ASSIGNED TASK> Return all of the data verbatim, dropping any picture.

INPUT MATERIAL>
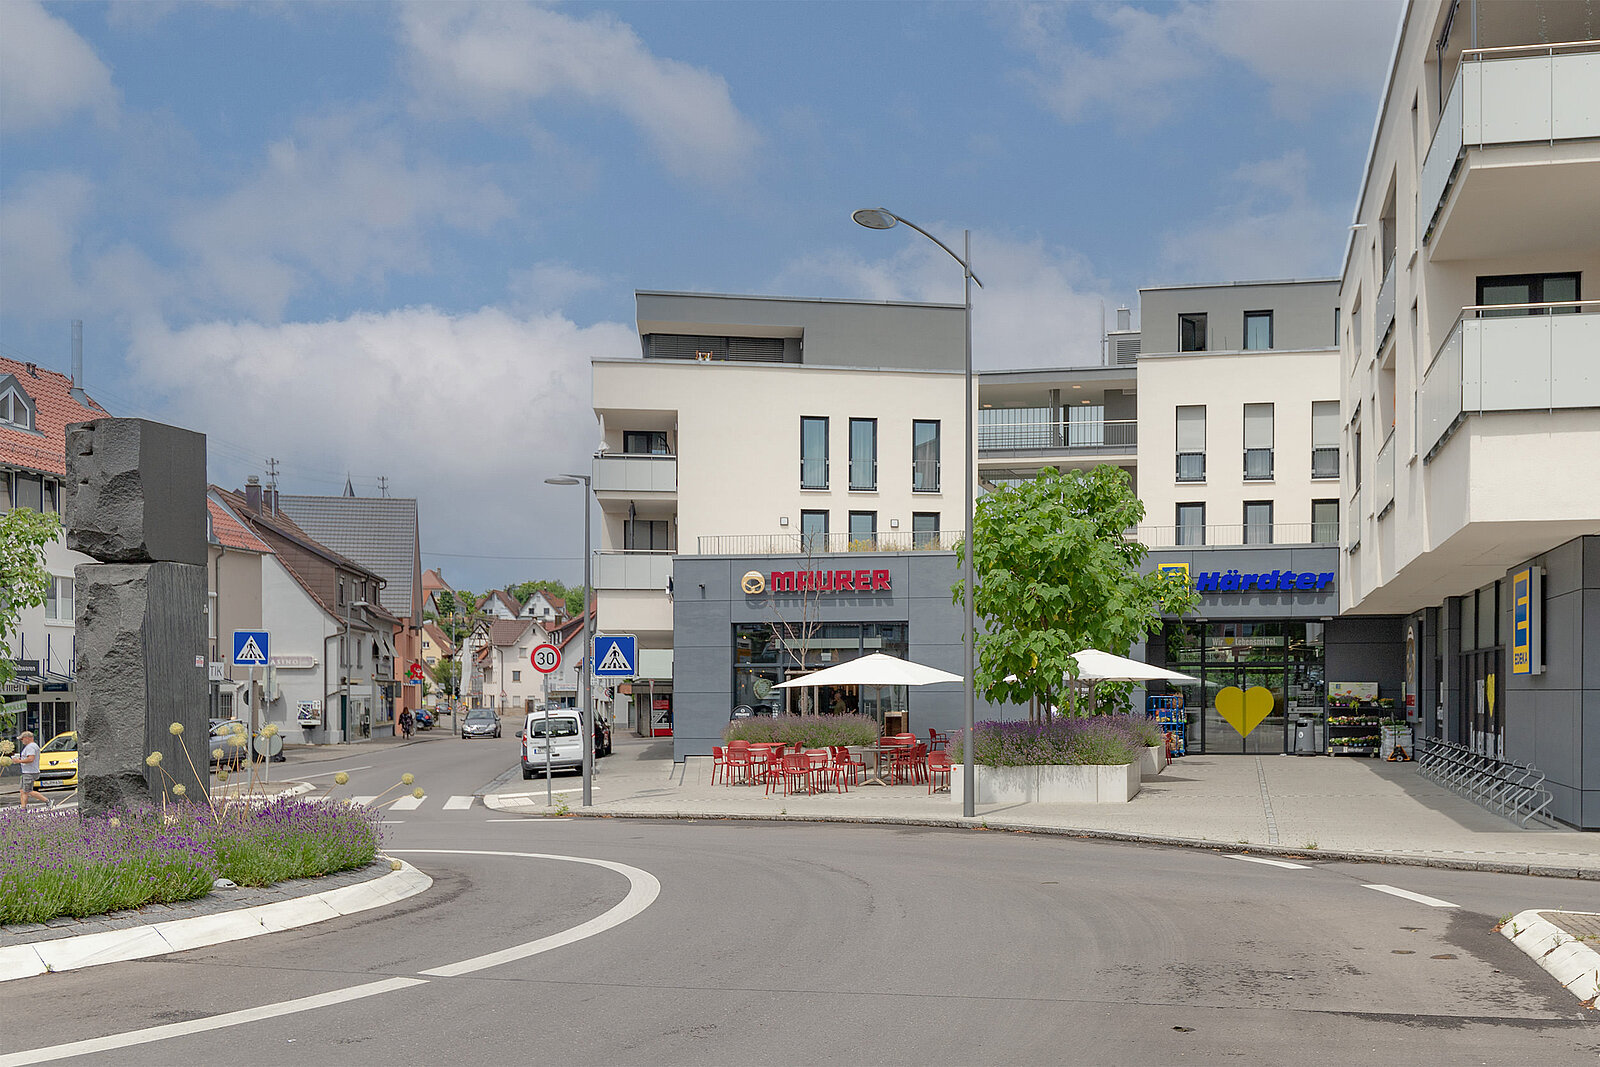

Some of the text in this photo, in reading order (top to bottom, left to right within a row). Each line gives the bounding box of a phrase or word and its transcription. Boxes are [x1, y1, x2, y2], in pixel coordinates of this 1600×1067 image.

[770, 569, 891, 592] MAURER
[1196, 569, 1335, 591] Härdter
[1212, 637, 1278, 647] Wir Lebensmittel.
[270, 658, 299, 666] ASINO
[536, 651, 555, 666] 30
[1515, 652, 1528, 665] EDEKA
[210, 665, 224, 678] TIK
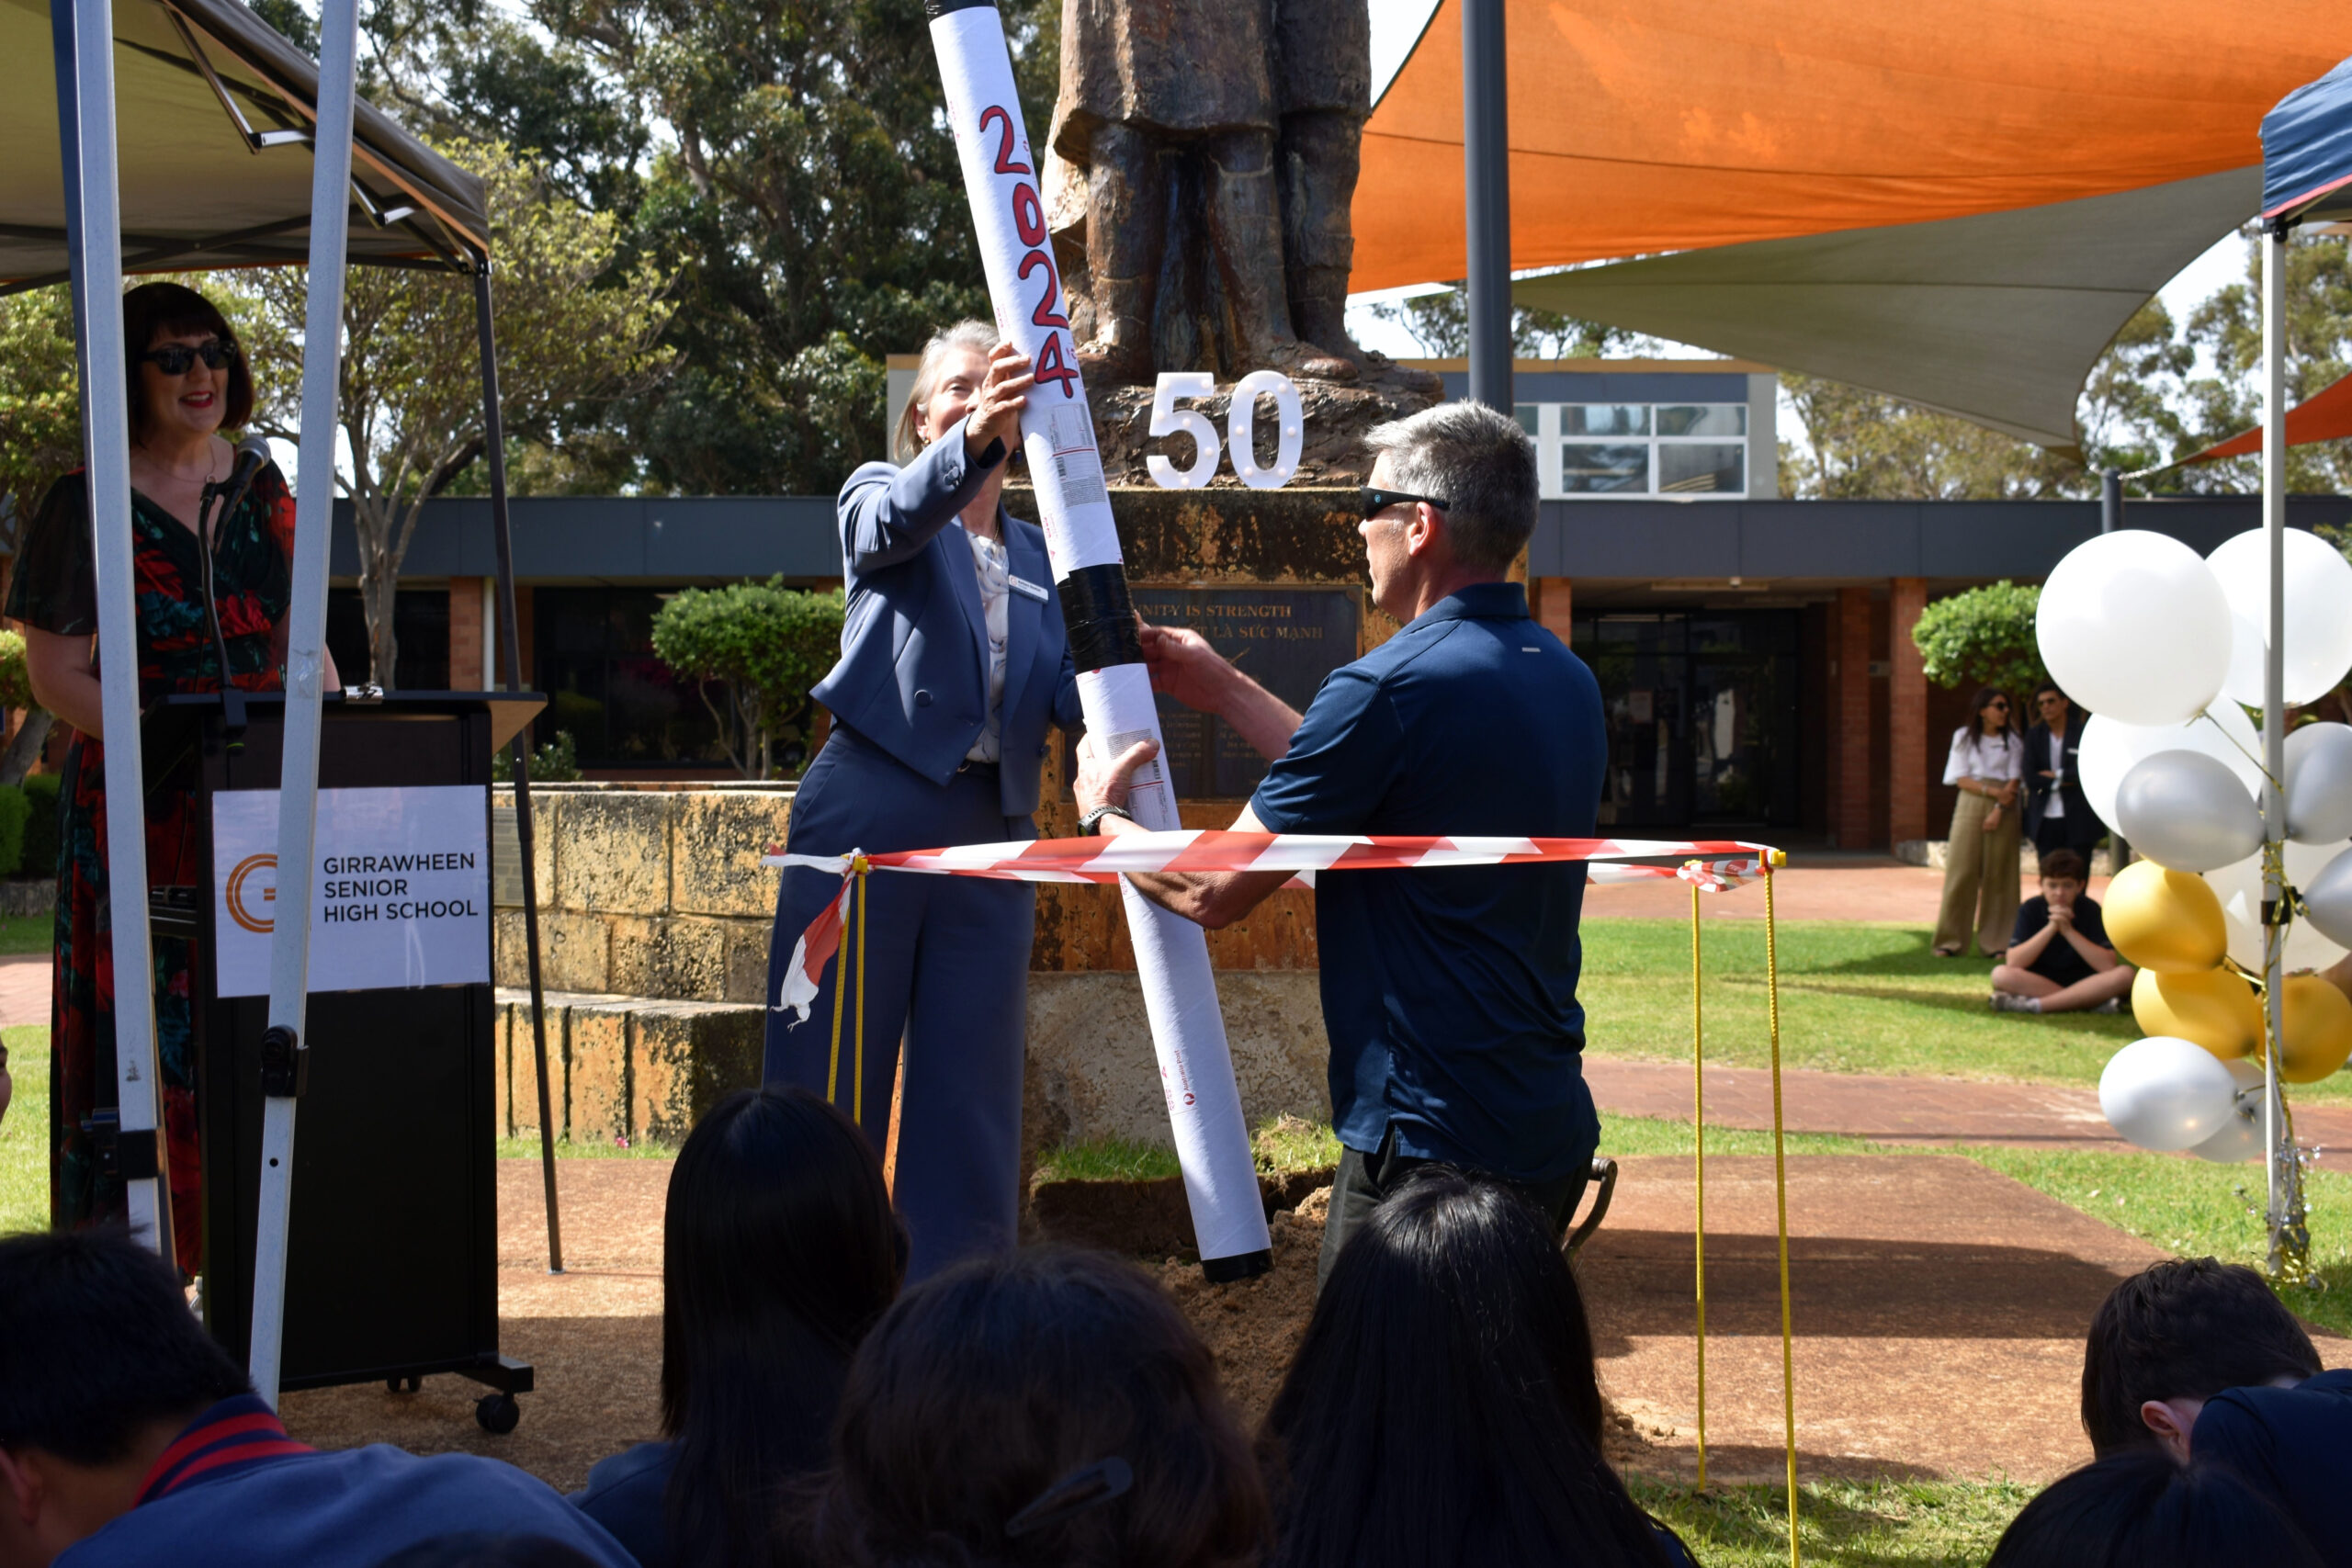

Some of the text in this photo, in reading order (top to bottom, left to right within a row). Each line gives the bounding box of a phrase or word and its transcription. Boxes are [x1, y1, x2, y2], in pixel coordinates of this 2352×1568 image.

RESULT FOR THIS TASK>
Some of the text in this photo, in reading order (top to bottom, left to right within a row). Each line gives the bounding box of a phrase or word and its transcription. Boxes are [x1, y1, x2, y2], in pixel coordinates of this 1600×1067 image.

[770, 569, 891, 592] MAURER
[1196, 569, 1335, 591] Härdter
[1212, 637, 1278, 647] Wir Lebensmittel.
[270, 658, 299, 666] ASINO
[536, 651, 555, 666] 30
[1515, 652, 1528, 665] EDEKA
[210, 665, 224, 678] TIK

Some of the text in this photo, in reading order (top to bottom, left to right within a row). Each line gives the bounding box of a phrase or word and its transcription. Boxes are [x1, y1, x2, y2], in pixel coordinates of this 2352×1568 image.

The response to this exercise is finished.